* What you have to do
Restate the records in full and exactly, with no images included.

[Images for object localization]

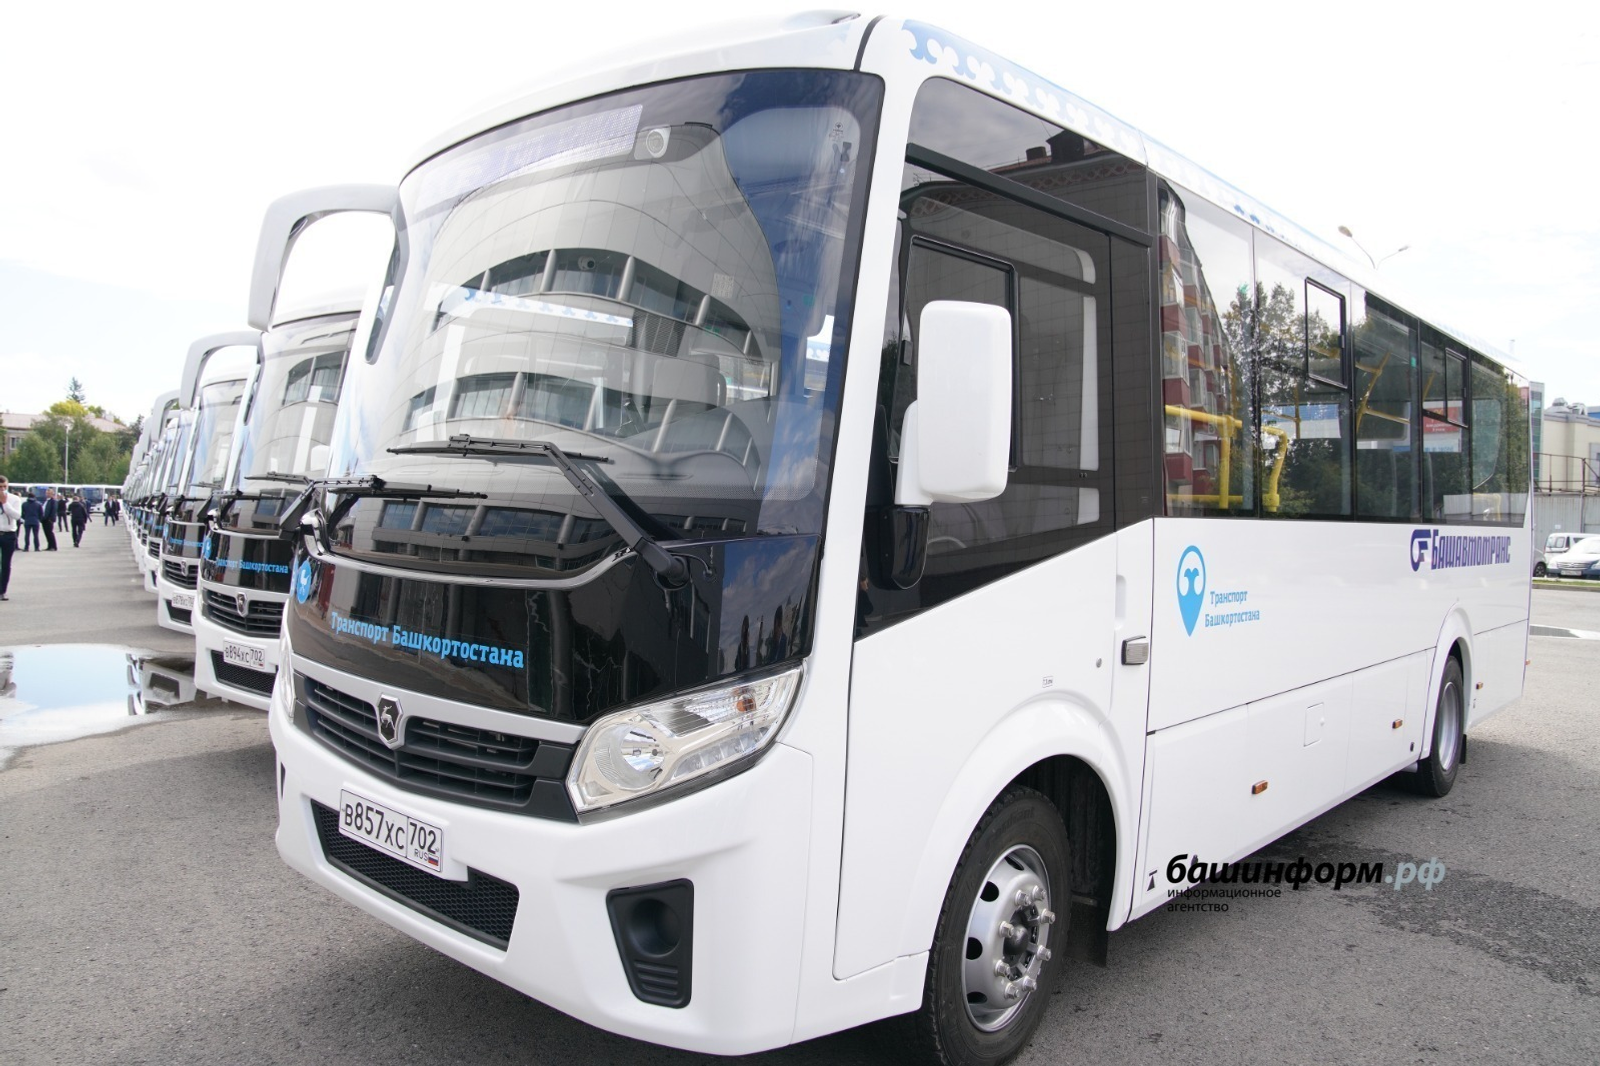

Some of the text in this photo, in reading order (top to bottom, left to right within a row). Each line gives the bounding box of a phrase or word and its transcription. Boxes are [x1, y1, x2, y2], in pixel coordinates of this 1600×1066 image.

[239, 559, 289, 574] Башкортостана
[1210, 591, 1248, 607] Транспорт
[1205, 610, 1260, 627] Башкортостана
[331, 611, 524, 669] Транспорт Башкортостана
[250, 648, 263, 662] 702
[409, 822, 437, 854] 702
[414, 848, 428, 861] RUS

* Output for this exercise
Some of the text in this photo, in reading order (top to bottom, left to right within a row). Each line gives the bounding box of a phrase or word and its transcription. Boxes are [x1, y1, x2, y2], in pixel coordinates of this 1600×1066 image.

[239, 559, 289, 574] Башкортостана
[1210, 591, 1248, 607] Транспорт
[1205, 610, 1260, 627] Башкортостана
[331, 611, 524, 669] Транспорт Башкортостана
[250, 648, 263, 662] 702
[409, 822, 437, 854] 702
[414, 848, 428, 861] RUS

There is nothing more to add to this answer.